UK housing market ‘to grow four per cent’ in 2021
British house prices are set to grow an average of four per cent in 2021, according to property website Rightmove, despite the looming end of a tax break and forecasts of rising unemployment.
Rightmove said asking prices for property first advertised between 8 November and 5 December were 6.6 per cent higher than a year earlier, after Brits “reprioritised housing needs high on their life agendas” during the pandemic.
Britain’s housing market received an unexpected boomed after the first raft of Covid restrictions were lifted in June, as people sought bigger houses and jumped on a temporary reduction in purchase taxes.
In July, the government announced a stamp duty holiday for properties purchased for under £500,000, leading to a build-up of transactions over the last few months as buyers pushed to complete sales before the deadline.
The tax break is due to expire at the end of March, but Rightmove said underlying demand and cheap borrowing costs were unlikely to dampen activity.
“There’s likely to be a lull in quarter two unless the stamp duty holiday is extended, but for many buyers its removal will not be make or break, though may lead them to reduce their offers to a degree,” Rightmove’s director of property data, Tim Bannister, said.
He added: “Our 2021 forecast of a four percent price rise is more conservative than the unsustainable 6.6 percent national average seen this year.”
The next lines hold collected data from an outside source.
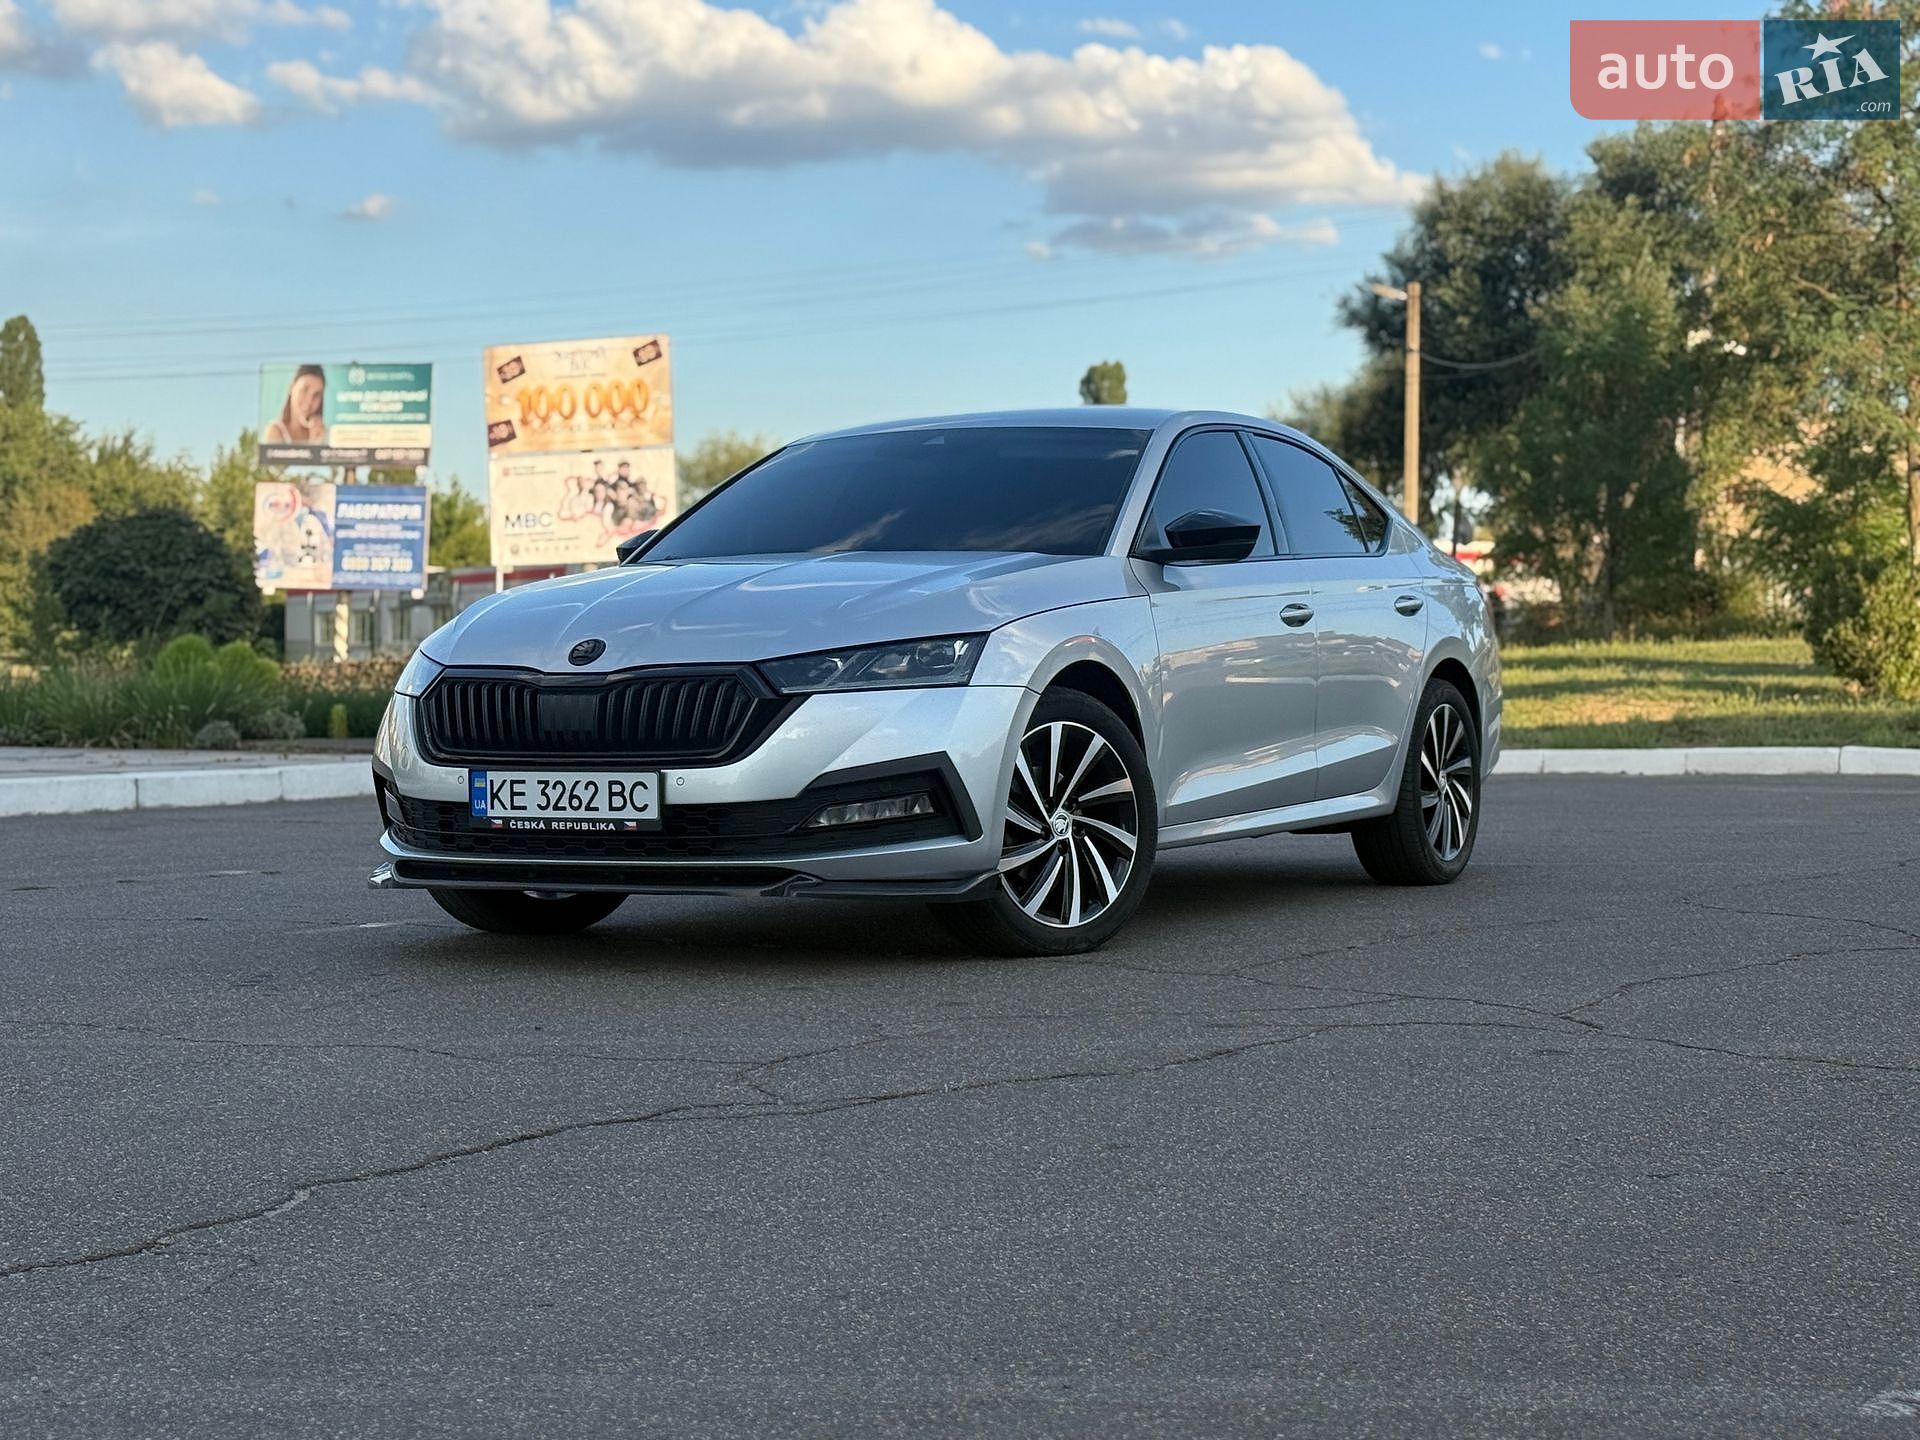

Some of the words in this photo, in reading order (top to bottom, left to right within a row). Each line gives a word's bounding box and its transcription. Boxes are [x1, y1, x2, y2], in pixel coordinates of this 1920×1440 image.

[489, 779, 528, 811] KE
[536, 779, 600, 812] 3262
[607, 780, 649, 812] BC
[474, 801, 486, 810] UA
[509, 819, 546, 830] ČESKÁ
[551, 821, 616, 831] REPUBLIKA
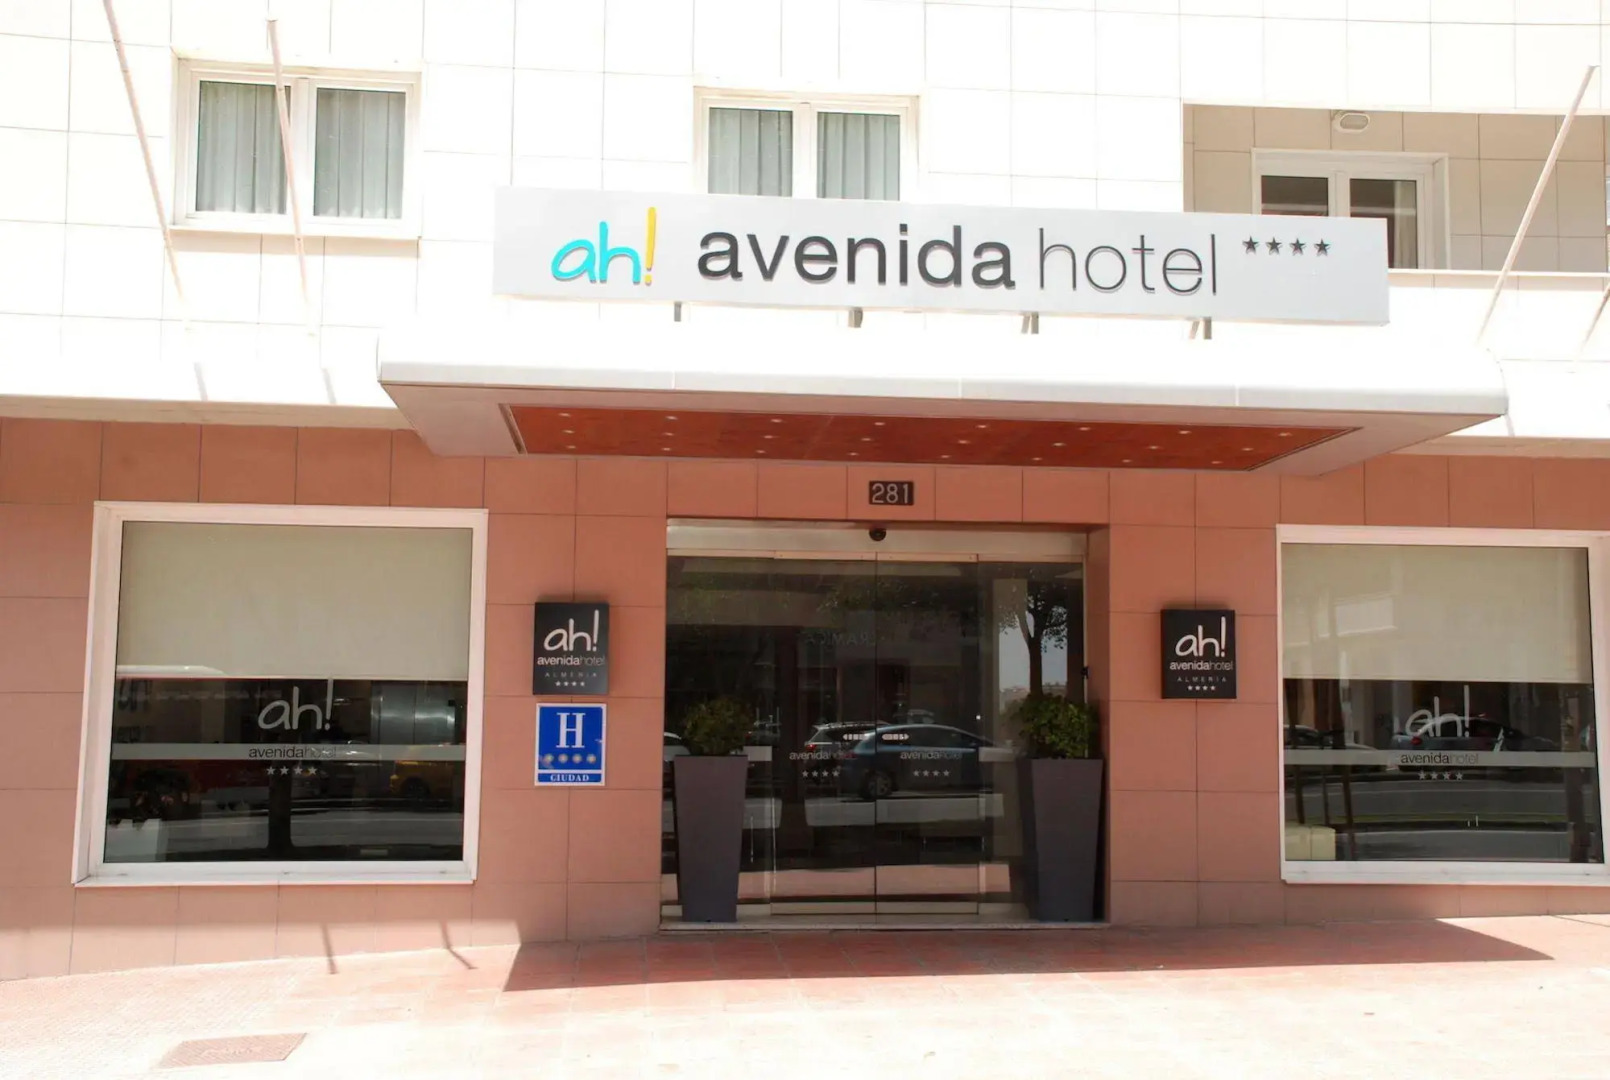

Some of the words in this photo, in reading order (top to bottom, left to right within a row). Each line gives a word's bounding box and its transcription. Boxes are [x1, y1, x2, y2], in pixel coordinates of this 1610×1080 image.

[551, 206, 657, 285] ah!
[698, 223, 1016, 290] avenida
[1038, 227, 1217, 296] hotel
[872, 482, 909, 504] 281
[543, 609, 600, 652] ah!
[1175, 616, 1227, 658] ah!
[257, 677, 334, 731] ah!
[1405, 684, 1470, 738] ah!
[550, 774, 590, 782] CIUDAD
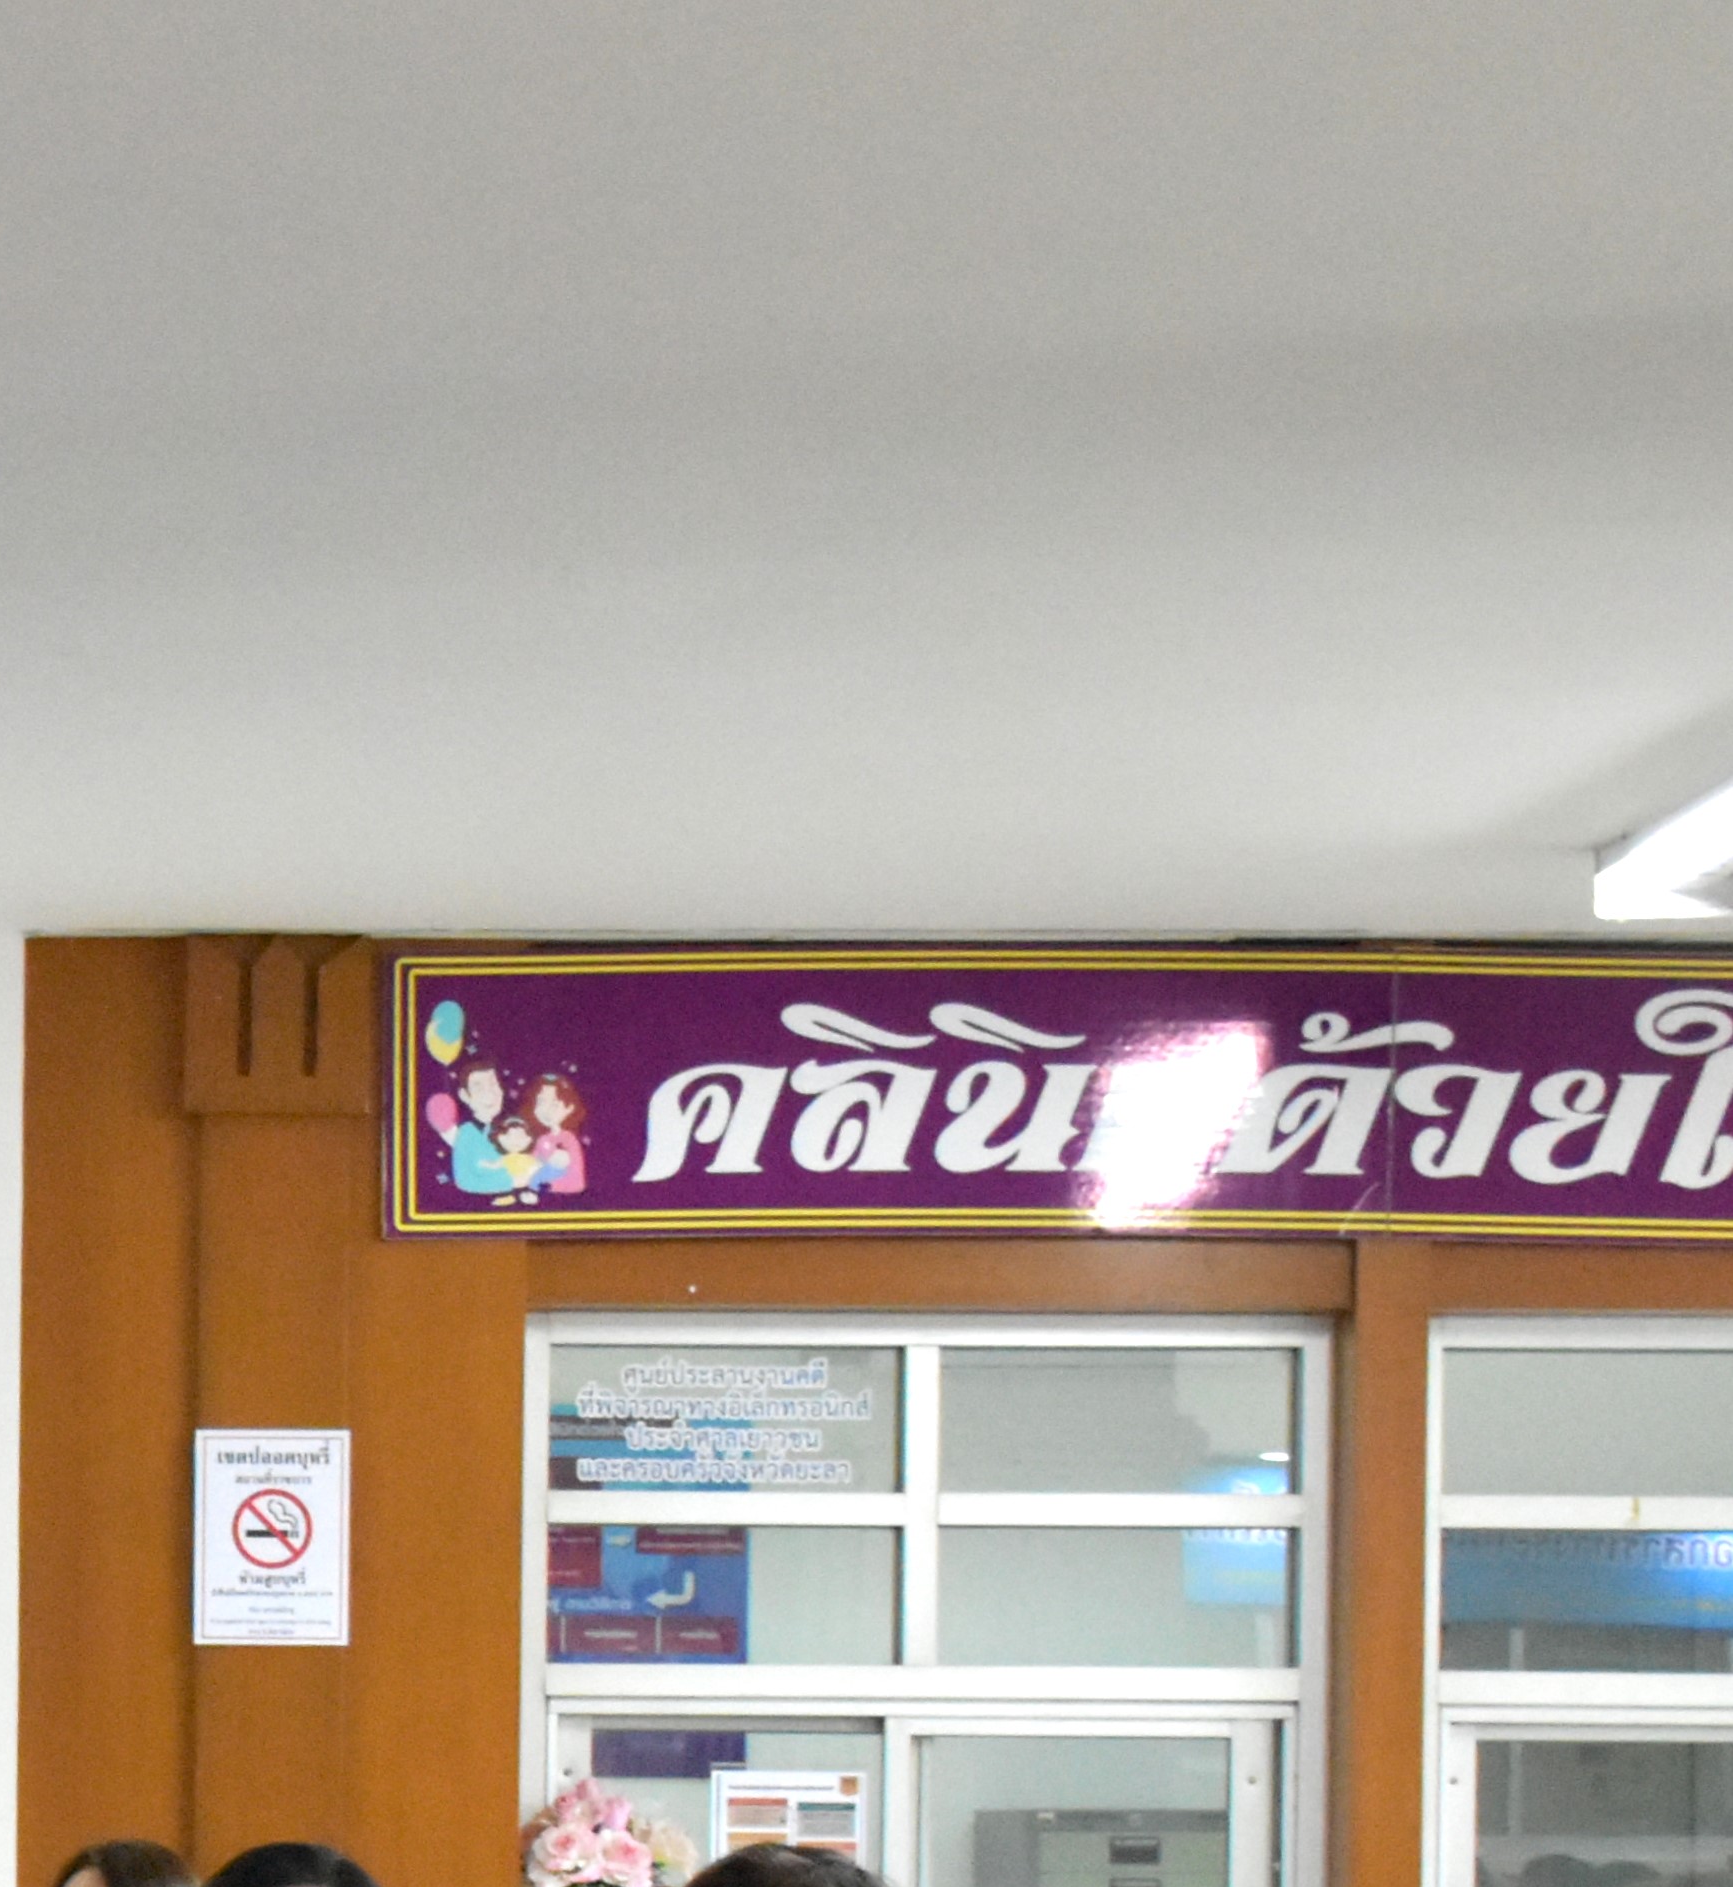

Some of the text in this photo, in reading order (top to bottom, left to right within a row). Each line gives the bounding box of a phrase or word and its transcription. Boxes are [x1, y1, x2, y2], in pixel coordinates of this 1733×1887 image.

The Bank of England in October reported that lenders approved the most new mortgages since 2007 this year, while mortgage lender Halifax said house prices had risen by the most since 2004 in the five months since lockdown ended.
Jeremy Leaf, north London estate agent and a former RICS residential chairman, said: “At the coalface, we are experiencing much the same but expecting a busy first quarter as buyers and sellers rush to take advantage of the stamp duty concession.
“However, we don’t anticipate a cliff-edge scenario at present. Nearly all sales agreed seem to be proceeding to exchange of contract, unless exceptional circumstances prevail and prices are not being widely renegotiated in anticipation of a market fall due to Brexit, the pandemic or potentially worsening economic news.’